INSTRUCTIONS TO FOLLOW: Apart from the pictures, reproduce the data below exactly as it stands.

DATA RECORDS:

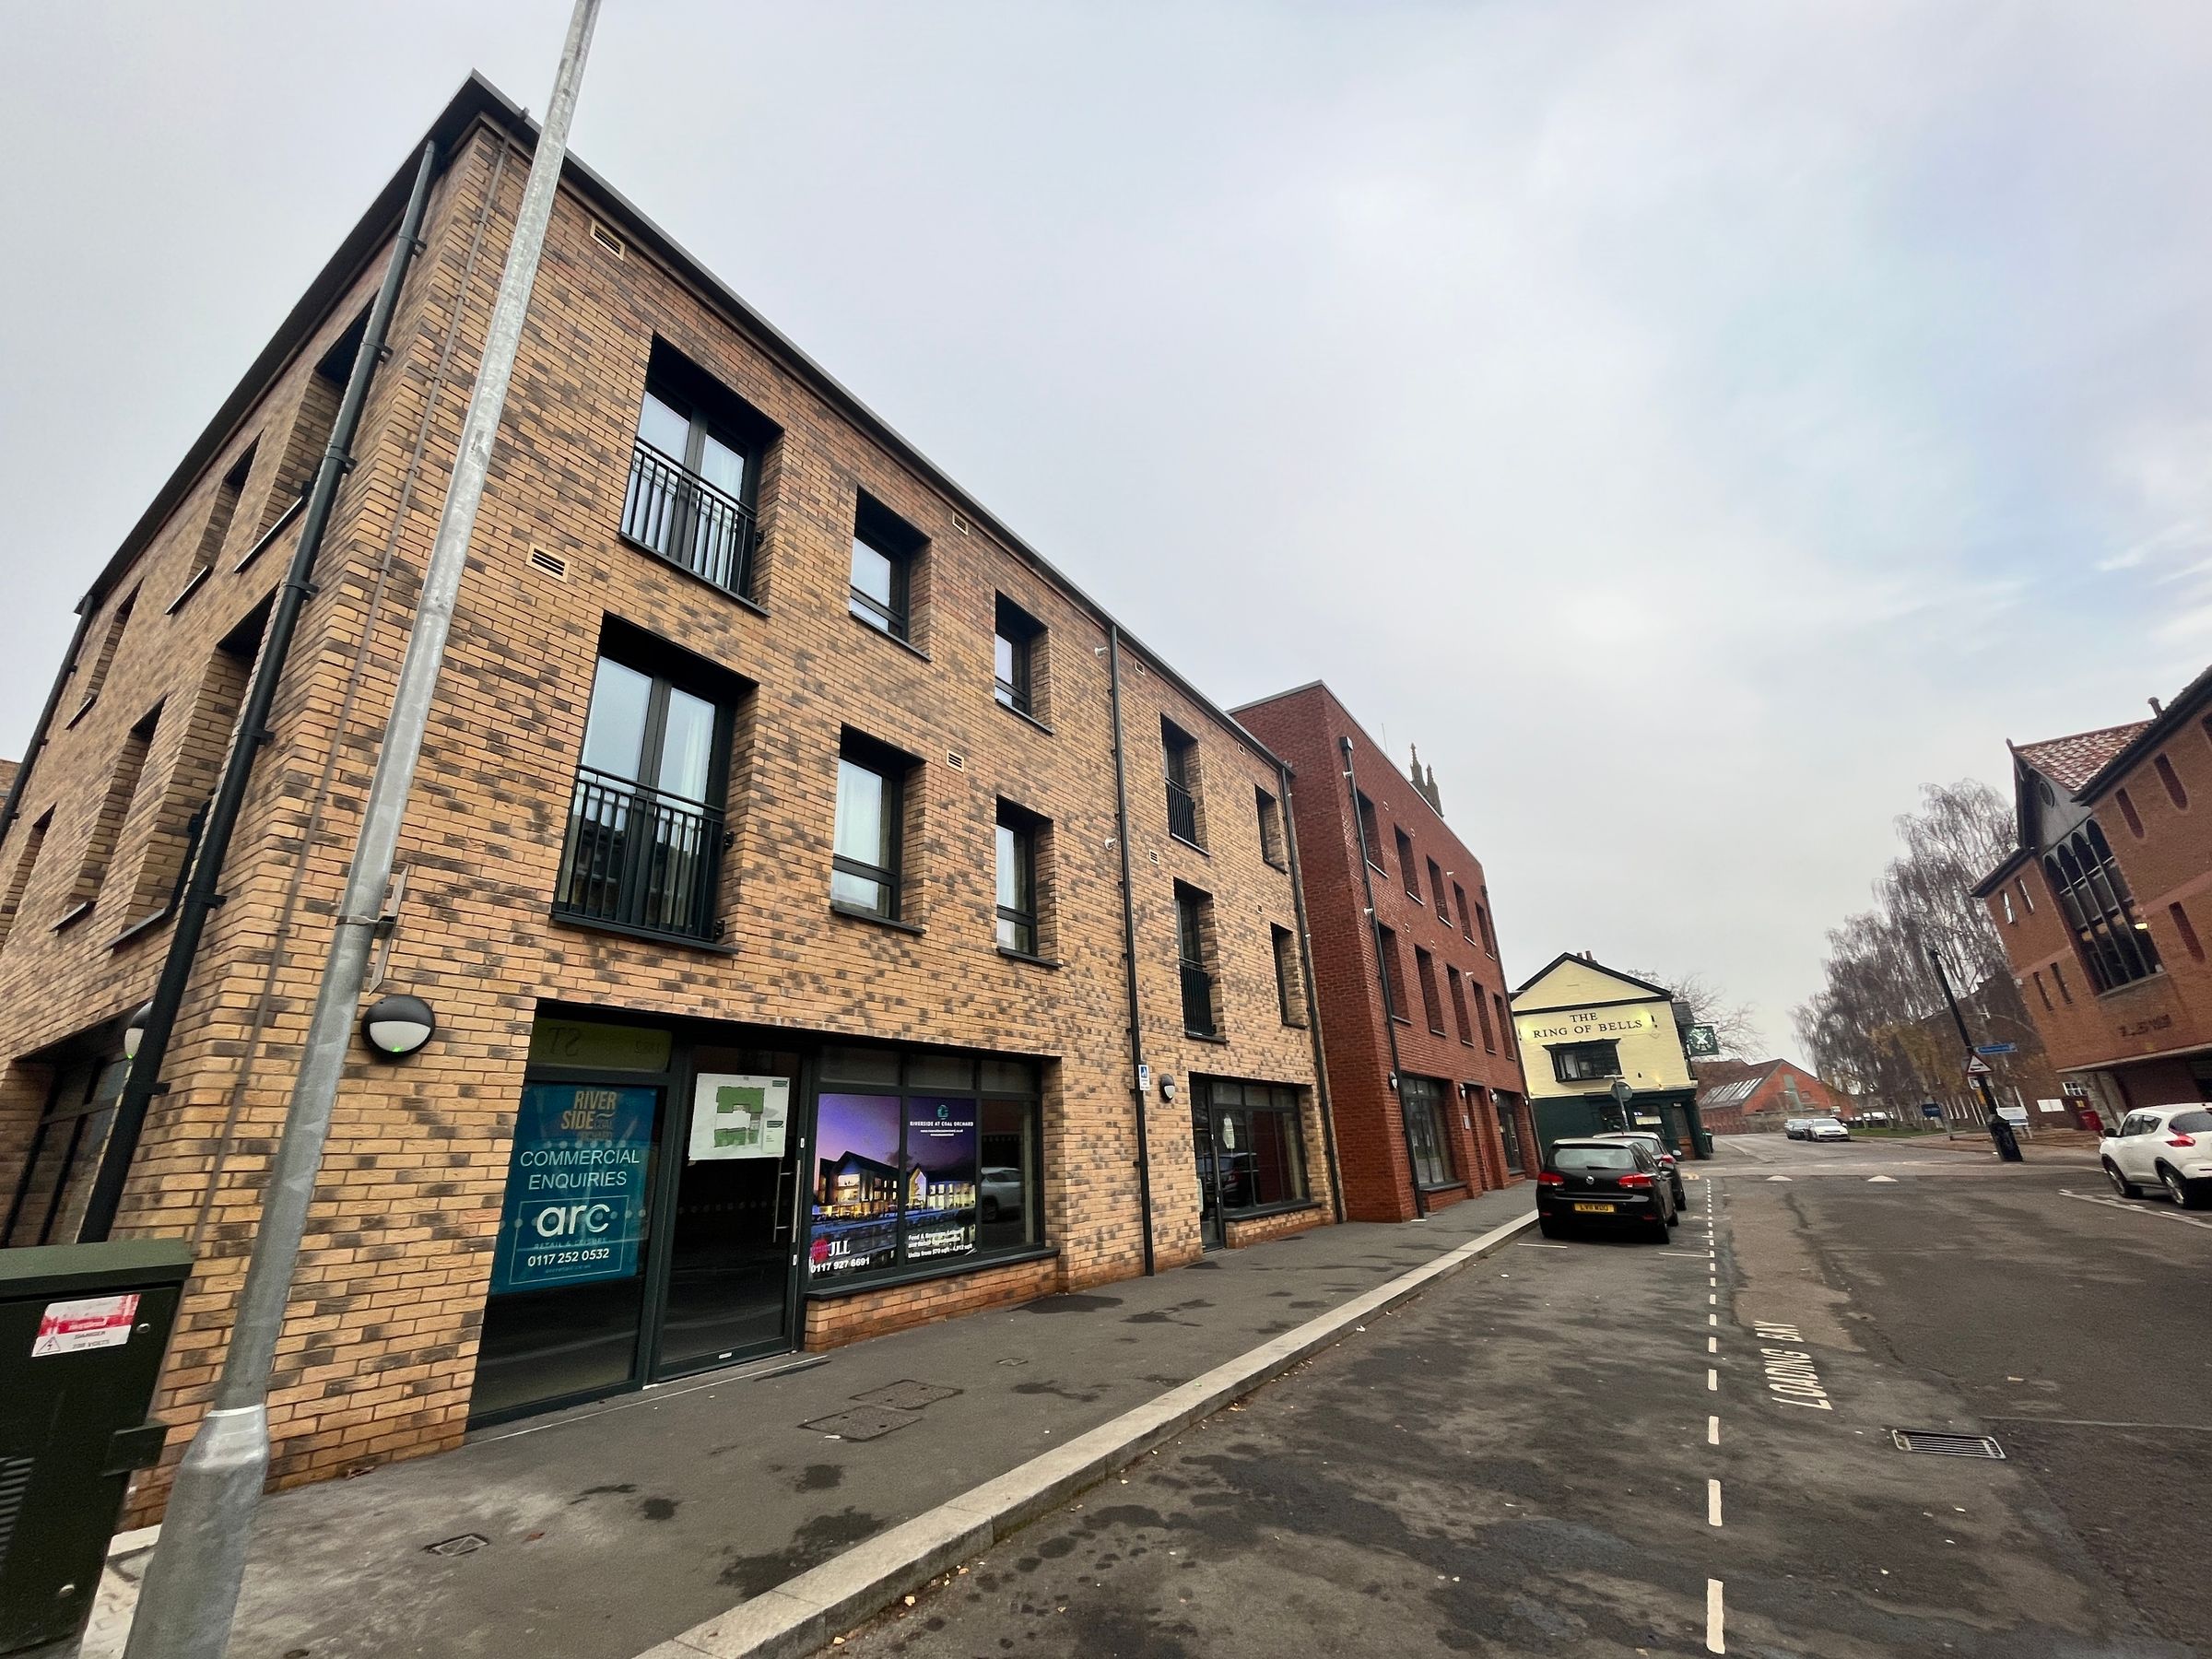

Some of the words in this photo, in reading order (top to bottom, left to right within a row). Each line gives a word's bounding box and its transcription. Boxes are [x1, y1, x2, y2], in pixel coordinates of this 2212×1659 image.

[1570, 1013, 1598, 1023] THE
[1533, 1028, 1568, 1038] RING
[1574, 1025, 1592, 1034] OF
[1598, 1019, 1642, 1032] BELLS
[573, 1090, 618, 1111] RIVER
[560, 1110, 596, 1130] SIDE
[520, 1149, 640, 1167] COMMERCIAL
[528, 1171, 627, 1190] ENQUIRIES
[536, 1204, 610, 1238] arc
[527, 1253, 556, 1267] 0117
[557, 1251, 579, 1264] 252
[582, 1248, 610, 1261] 0532
[828, 1240, 851, 1257] JLL
[811, 1262, 831, 1274] 0117
[833, 1260, 849, 1270] 927
[851, 1256, 870, 1267] 6691
[1753, 1320, 1805, 1343] BAY
[1759, 1347, 1833, 1410] LOADING
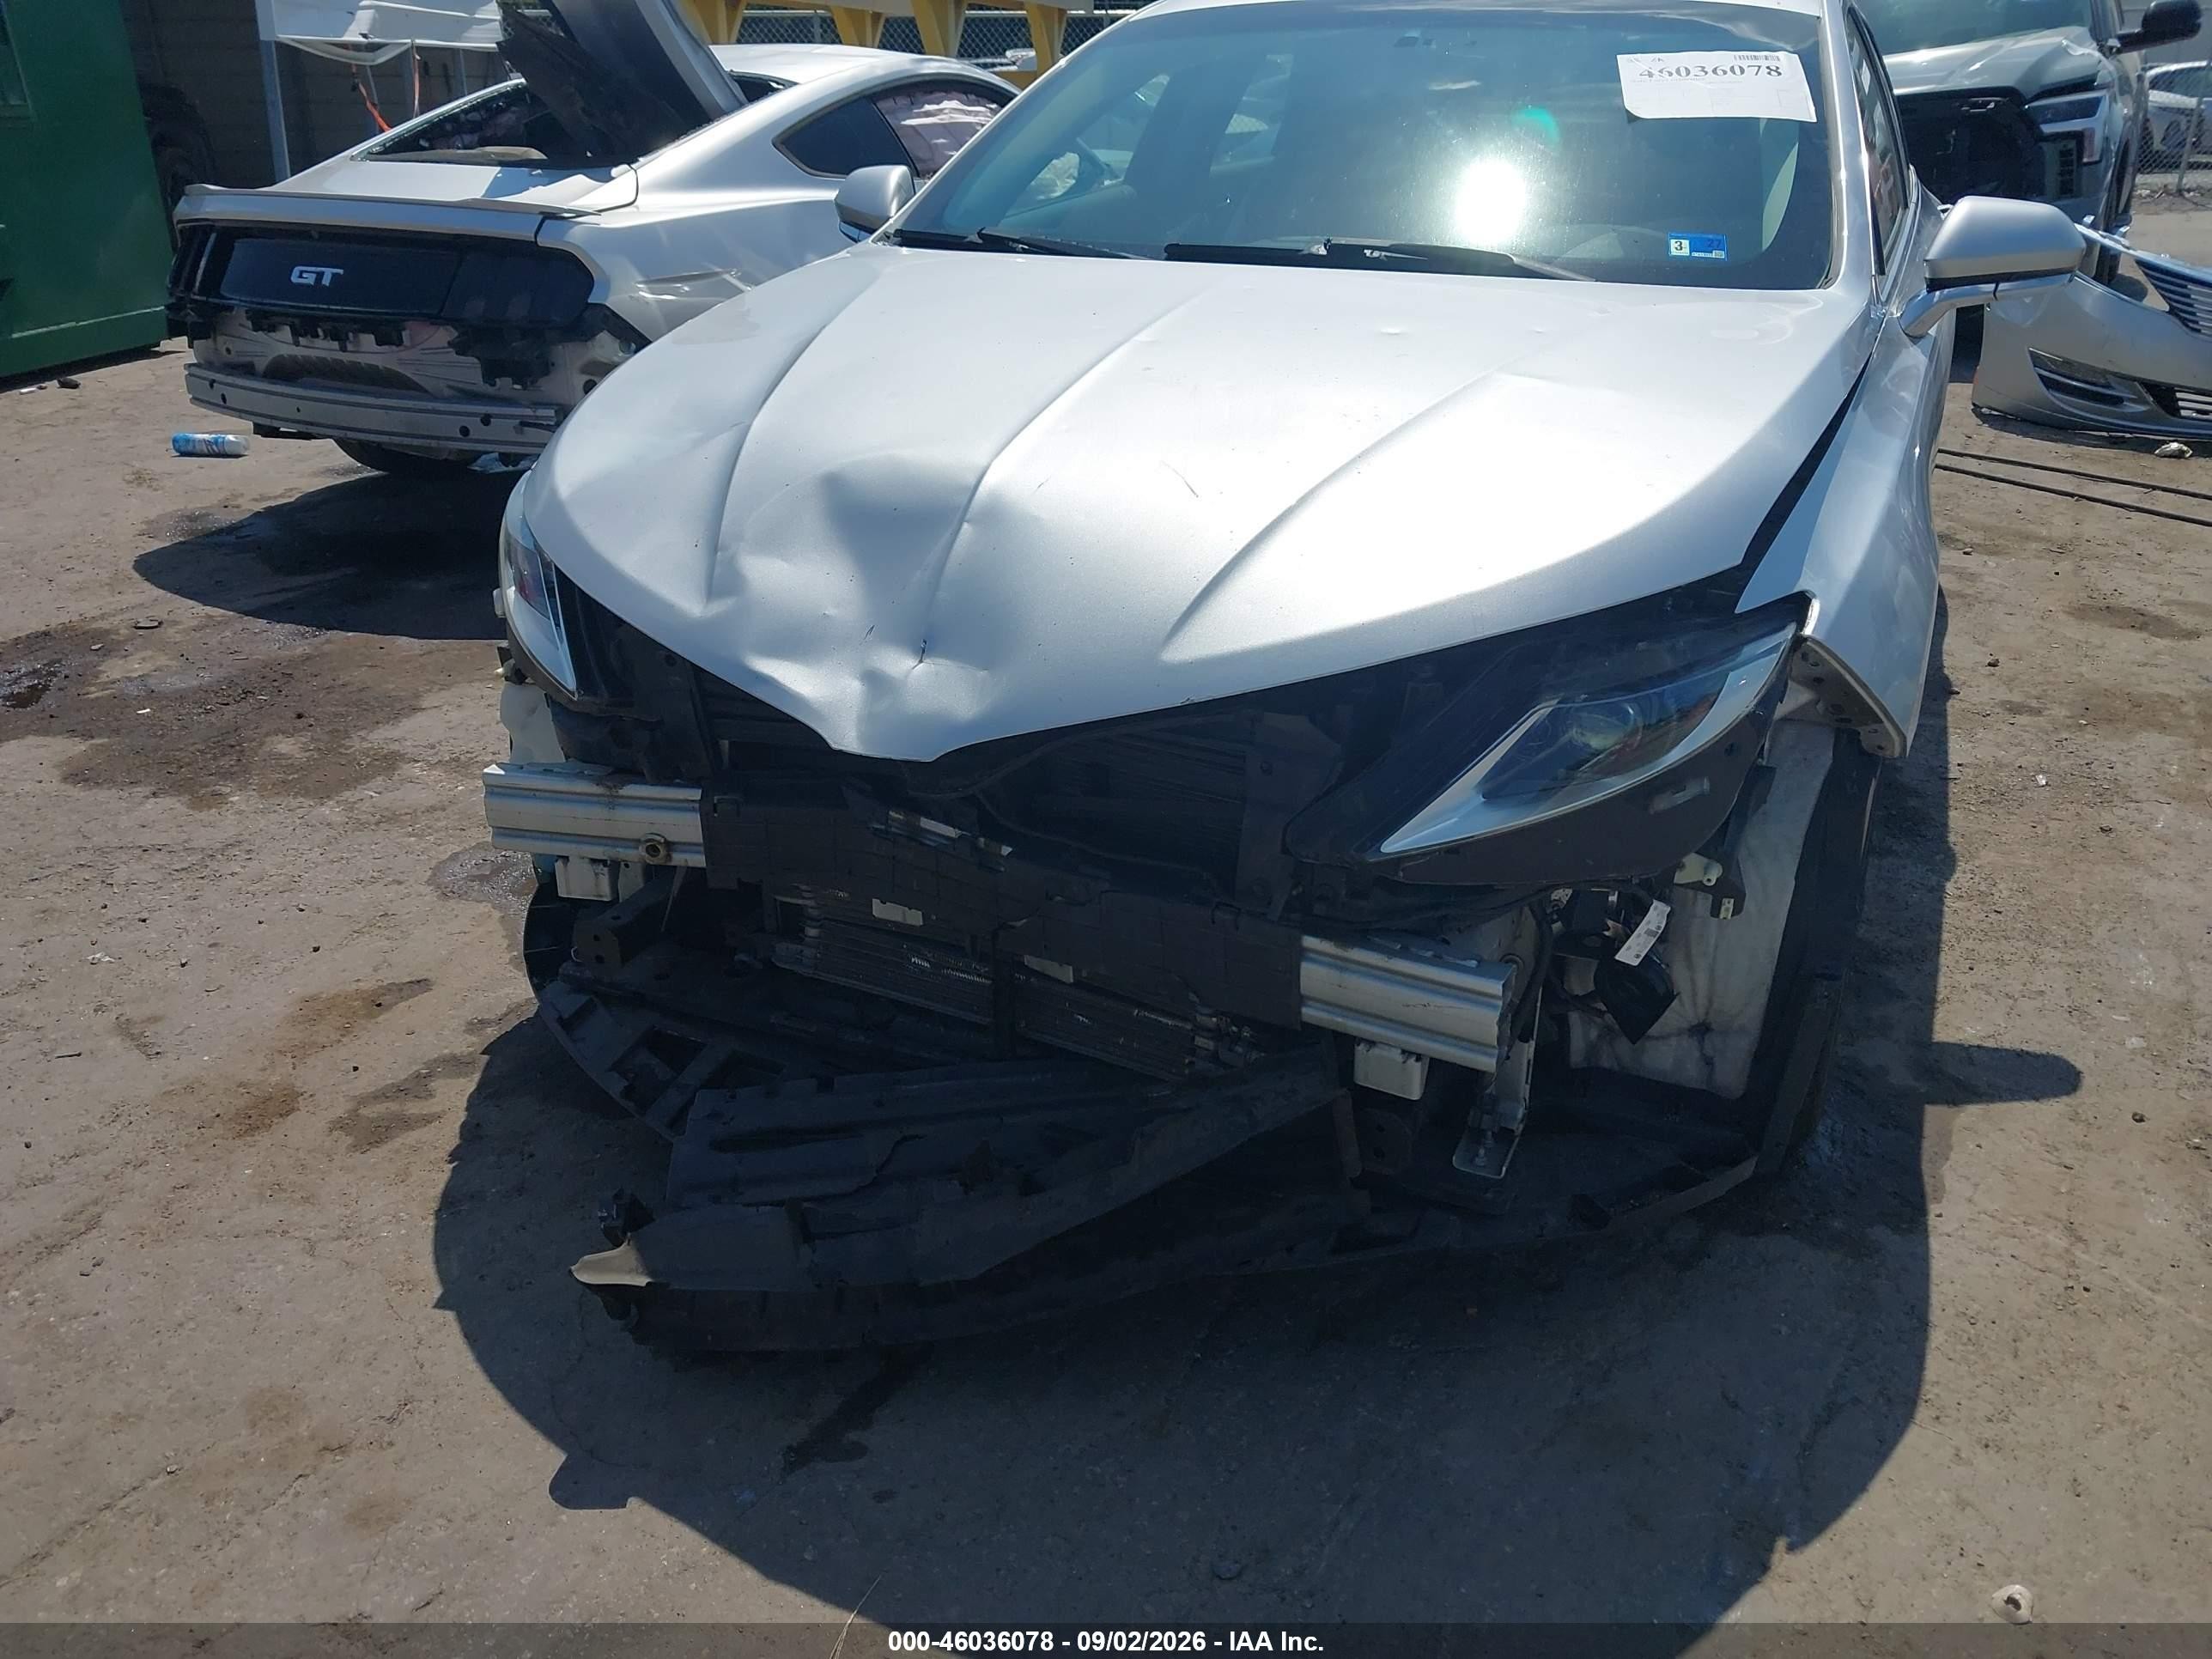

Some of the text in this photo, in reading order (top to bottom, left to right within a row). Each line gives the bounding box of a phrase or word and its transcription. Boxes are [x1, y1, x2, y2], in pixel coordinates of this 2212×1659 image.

[1638, 64, 1783, 78] 46036078
[1674, 240, 1683, 251] 3
[291, 265, 343, 286] GT

OUTPUT OF THE EXERCISE:
Some of the words in this photo, in reading order (top to bottom, left to right within a row). Each line gives a word's bounding box and its transcription. Boxes are [x1, y1, x2, y2], in pixel coordinates of this 2212×1659 image.

[1570, 1013, 1598, 1023] THE
[1533, 1028, 1568, 1038] RING
[1574, 1025, 1592, 1034] OF
[1598, 1019, 1642, 1032] BELLS
[573, 1090, 618, 1111] RIVER
[560, 1110, 596, 1130] SIDE
[520, 1149, 640, 1167] COMMERCIAL
[528, 1171, 627, 1190] ENQUIRIES
[536, 1204, 610, 1238] arc
[527, 1253, 556, 1267] 0117
[557, 1251, 579, 1264] 252
[582, 1248, 610, 1261] 0532
[828, 1240, 851, 1257] JLL
[811, 1262, 831, 1274] 0117
[833, 1260, 849, 1270] 927
[851, 1256, 870, 1267] 6691
[1753, 1320, 1805, 1343] BAY
[1759, 1347, 1833, 1410] LOADING

Some of the text in this photo, in reading order (top to bottom, left to right within a row). Each line gives the bounding box of a phrase or word and its transcription. Boxes are [x1, y1, x2, y2], in pixel coordinates of this 2212×1659 image.

[1638, 64, 1783, 78] 46036078
[1674, 240, 1683, 251] 3
[291, 265, 343, 286] GT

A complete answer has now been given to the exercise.